§ **DESCRIPTION OF THE TASK**
Each entry that follows should be given again word for word; please leave out its pictures.

§ **DATA FOR THIS TASK**
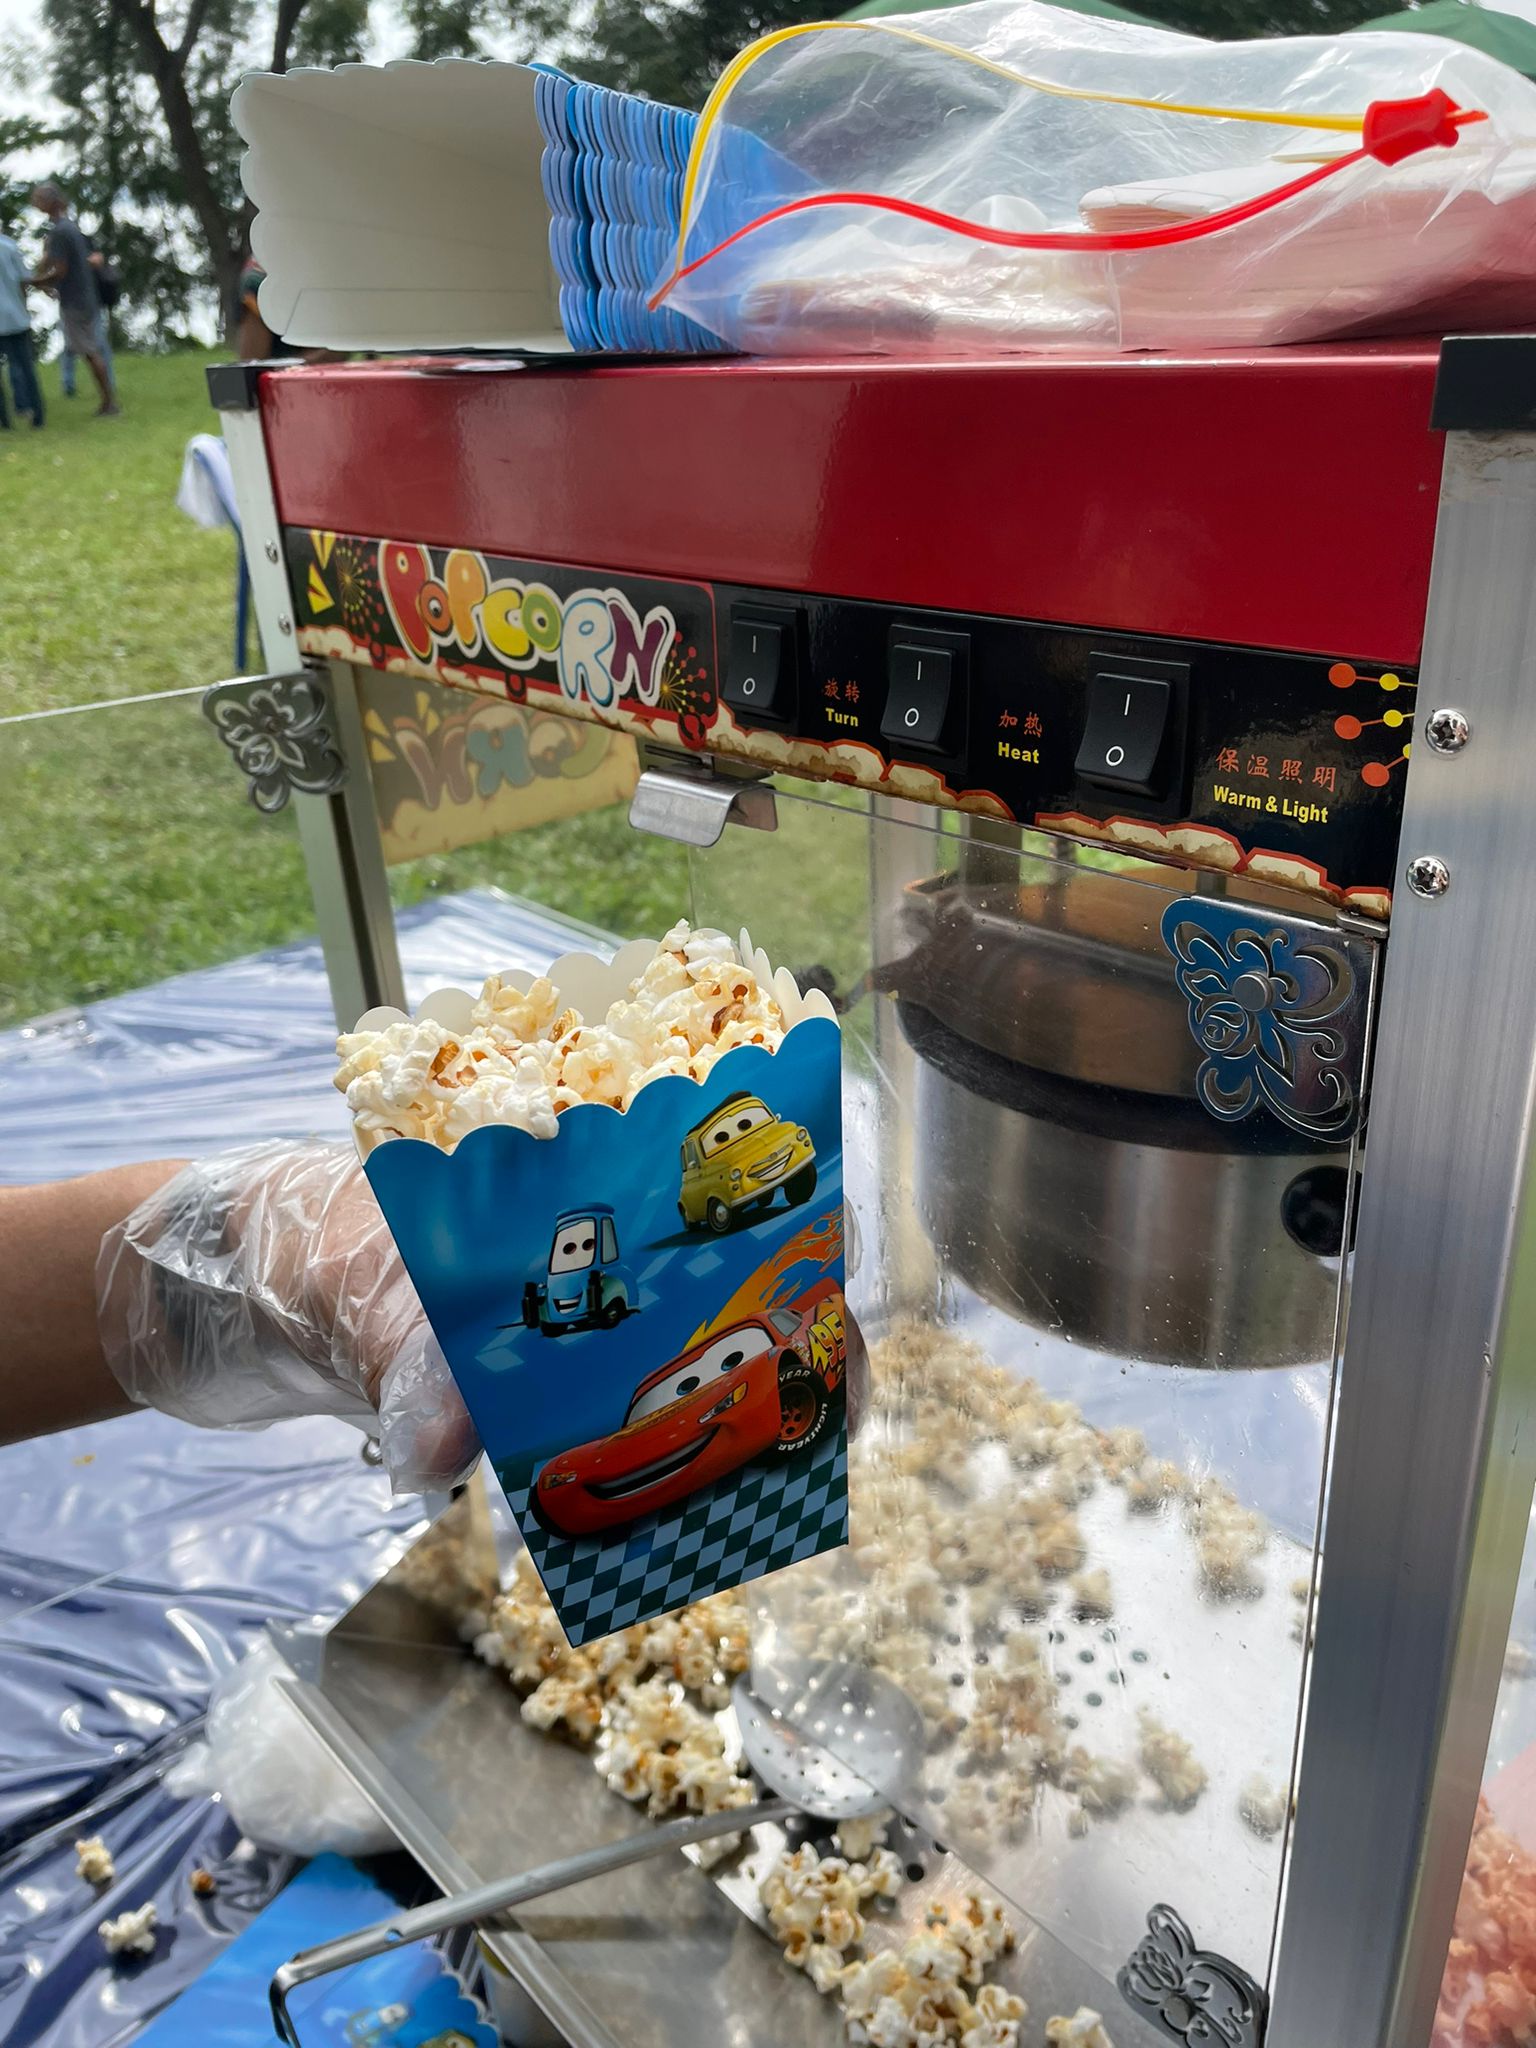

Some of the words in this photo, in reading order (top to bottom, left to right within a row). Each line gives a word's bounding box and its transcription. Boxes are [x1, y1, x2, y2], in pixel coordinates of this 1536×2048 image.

[823, 677, 861, 703] 旋转
[825, 707, 859, 727] Turn
[998, 709, 1043, 738] 加热
[997, 741, 1040, 764] Heat
[1215, 746, 1337, 793] 保温照明
[1213, 784, 1261, 810] Warm
[1265, 795, 1278, 814] &
[1282, 798, 1329, 824] Light
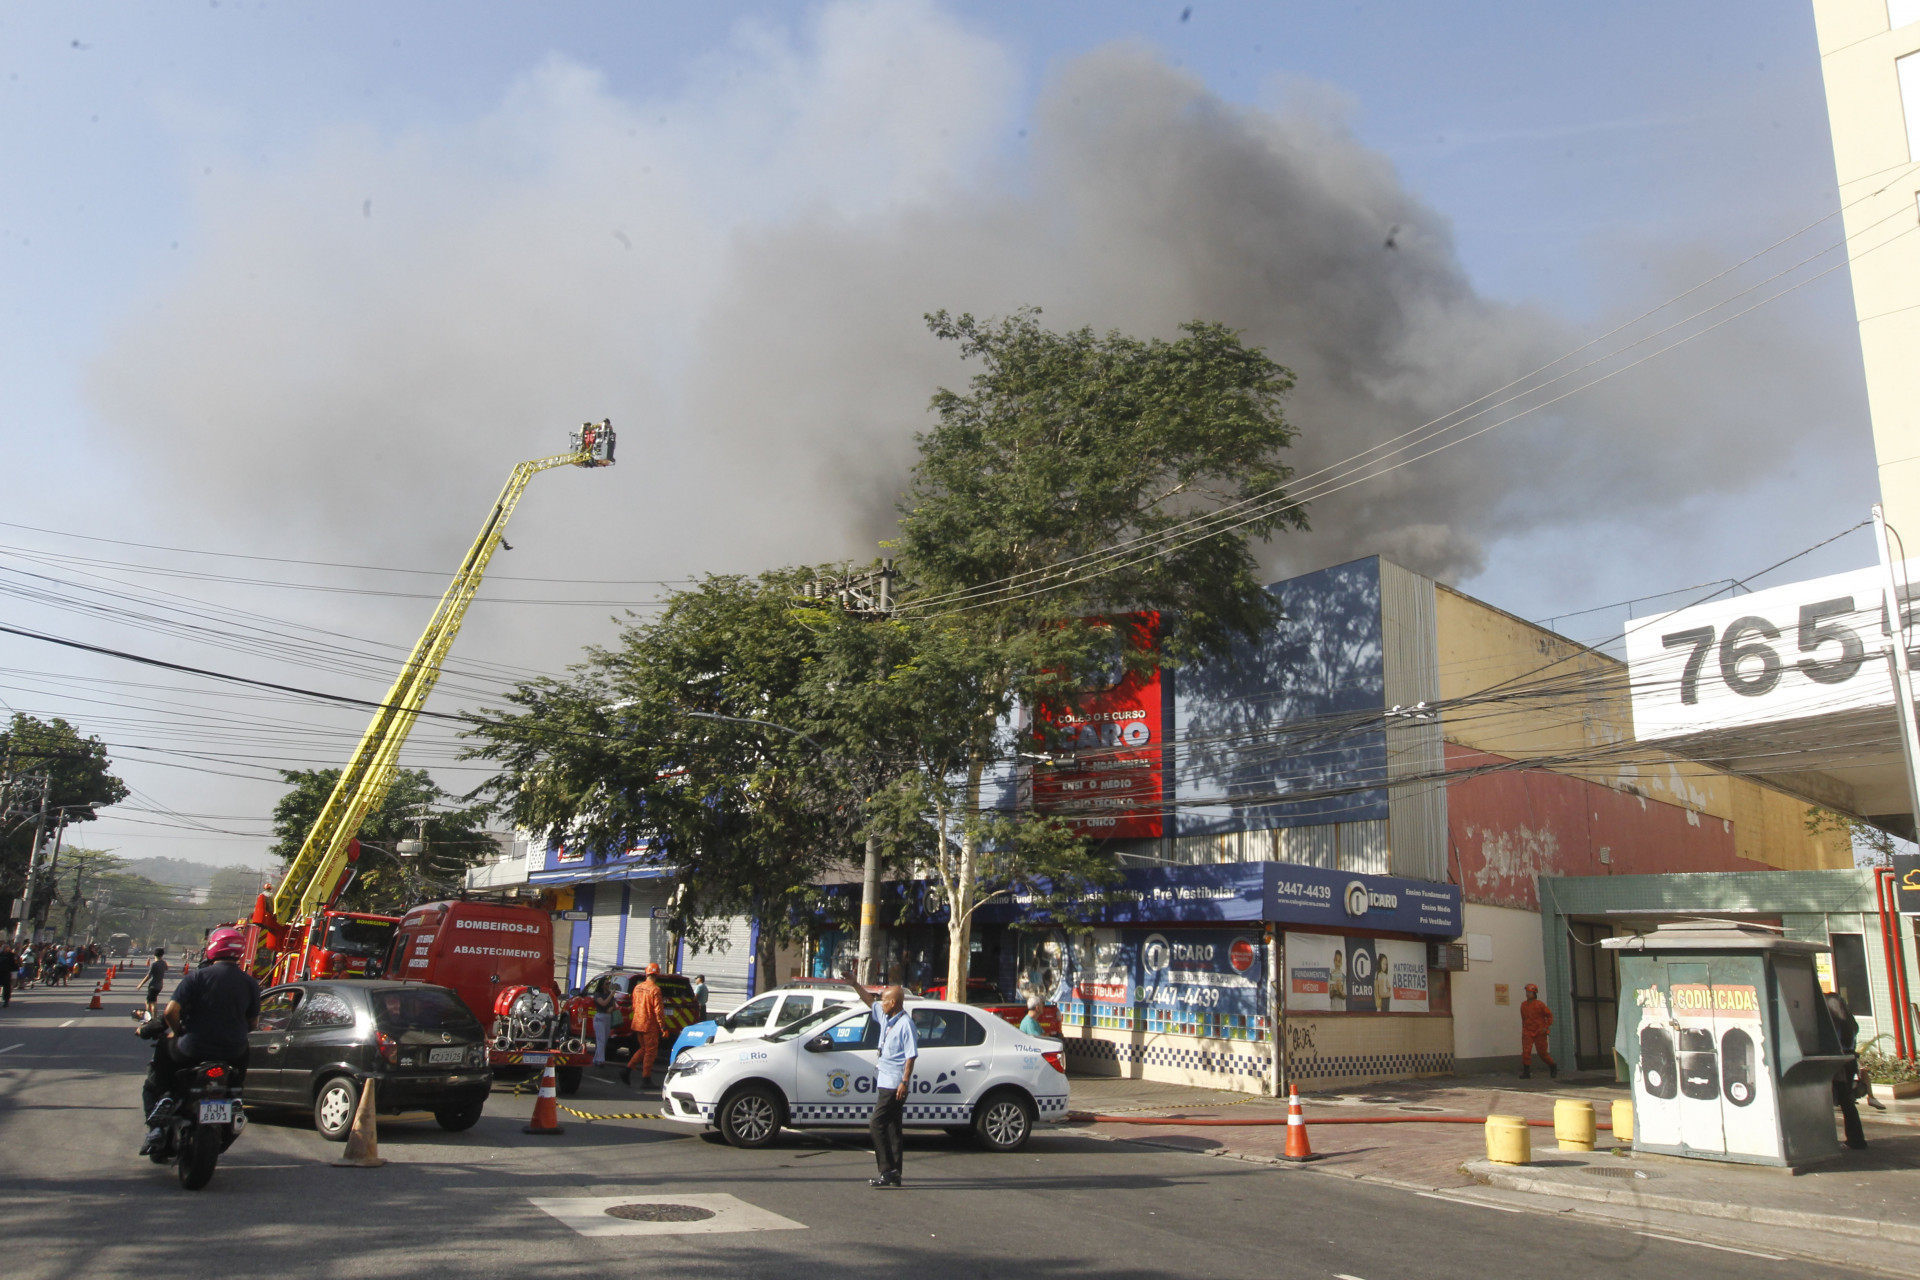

§ **EXERCISE SOLUTION**
Some of the words in this photo, in reading order (top to bottom, left to right within a row). Each line gives a word's bounding box and its transcription. Boxes are [x1, y1, x2, y2], in pixel coordinates of this 1536×2048 image.

[823, 677, 861, 703] 旋转
[825, 707, 859, 727] Turn
[998, 709, 1043, 738] 加热
[997, 741, 1040, 764] Heat
[1215, 746, 1337, 793] 保温照明
[1213, 784, 1261, 810] Warm
[1265, 795, 1278, 814] &
[1282, 798, 1329, 824] Light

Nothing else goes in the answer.